I want to be good and I suspect the same is true for you. Yet, despite my best intentions, I cannot live a perfect life. The deeper I get to know my Lord the more aware I am of my shortcomings. For this reason I find the concept of justification to be somewhat overwhelming. God in His profound holiness did not have to go to any length to rescue me from sin. He does not need me and most certainly I have offended Him time and again. Yet, inexplicably through His vast love, He chose a horrific path to blaze a terrific salvation.
Romans 3:22-24--But now, apart from the law, God’s righteousness has been revealed—attested by the Law and the Prophets—that is, God’s righteousness through faith in Jesus Christ, to all who believe, since there is no distinction. For all have sinned and fall short of the glory of God. They are justified freely by His grace through the redemption that is in Christ Jesus.
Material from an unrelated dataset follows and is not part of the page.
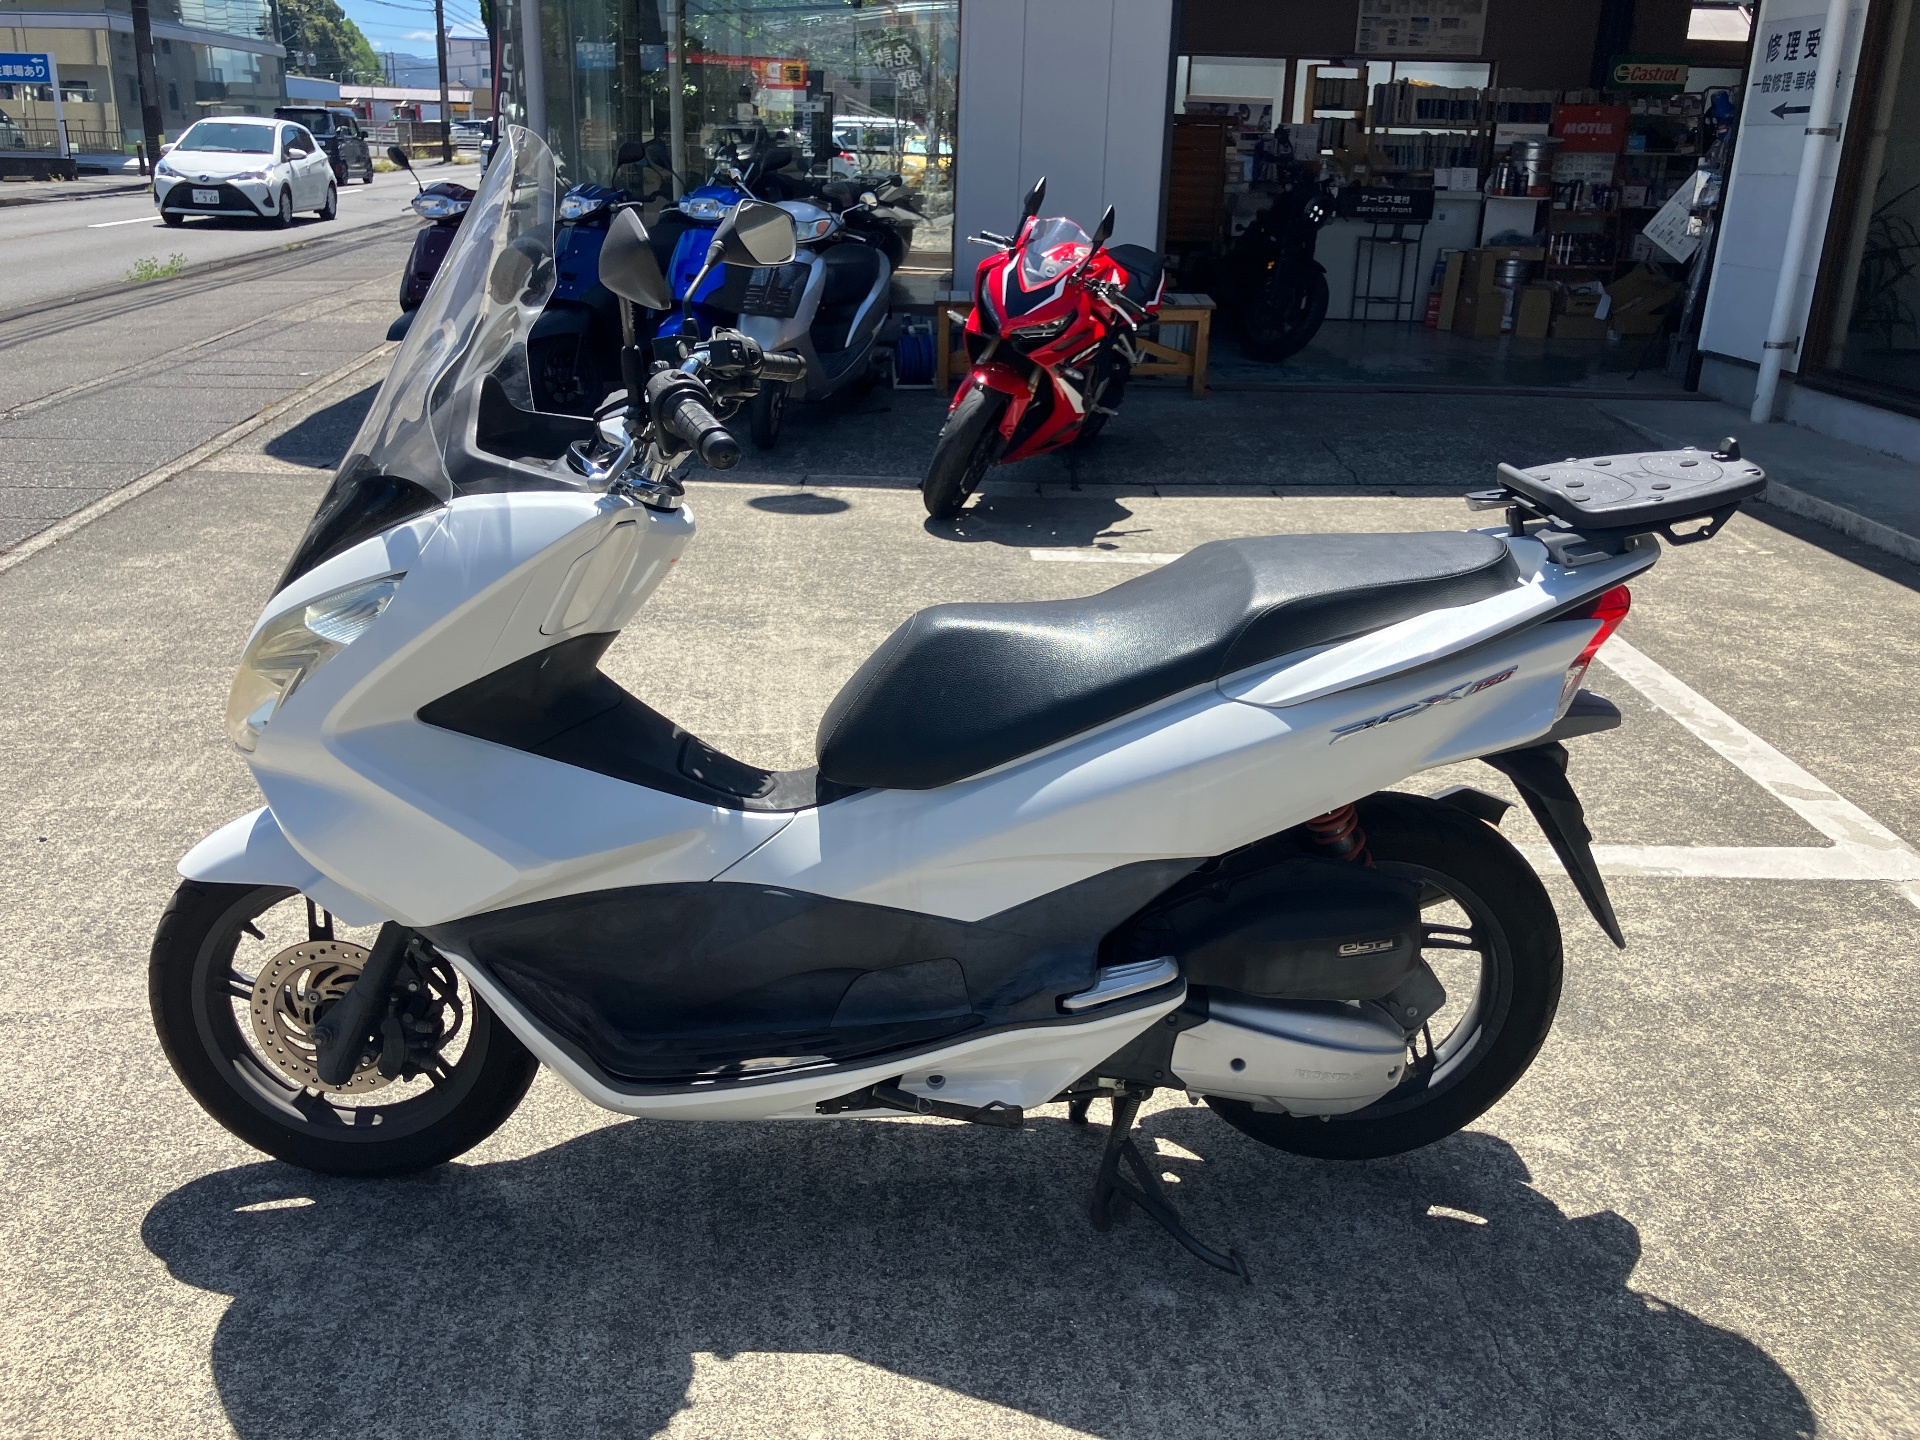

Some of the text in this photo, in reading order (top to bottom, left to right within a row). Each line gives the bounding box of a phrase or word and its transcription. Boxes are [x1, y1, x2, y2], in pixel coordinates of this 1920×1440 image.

Justification is a fundamentally critical starting component of our salvation. Theologically, to be justified means to be freed of the guilt and penalty attached to our sin. Justification calls us good. Only God is capable of doing this because of His sovereignty and perfect nature. By His judicial act of pardoning us through the atoning sacrifice of Jesus on the cross, our estranged relationship with Him is bridged. By taking our sins upon Himself and defeating death, God’s perfect Son sacrificed His life to gain us the opportunity for salvation!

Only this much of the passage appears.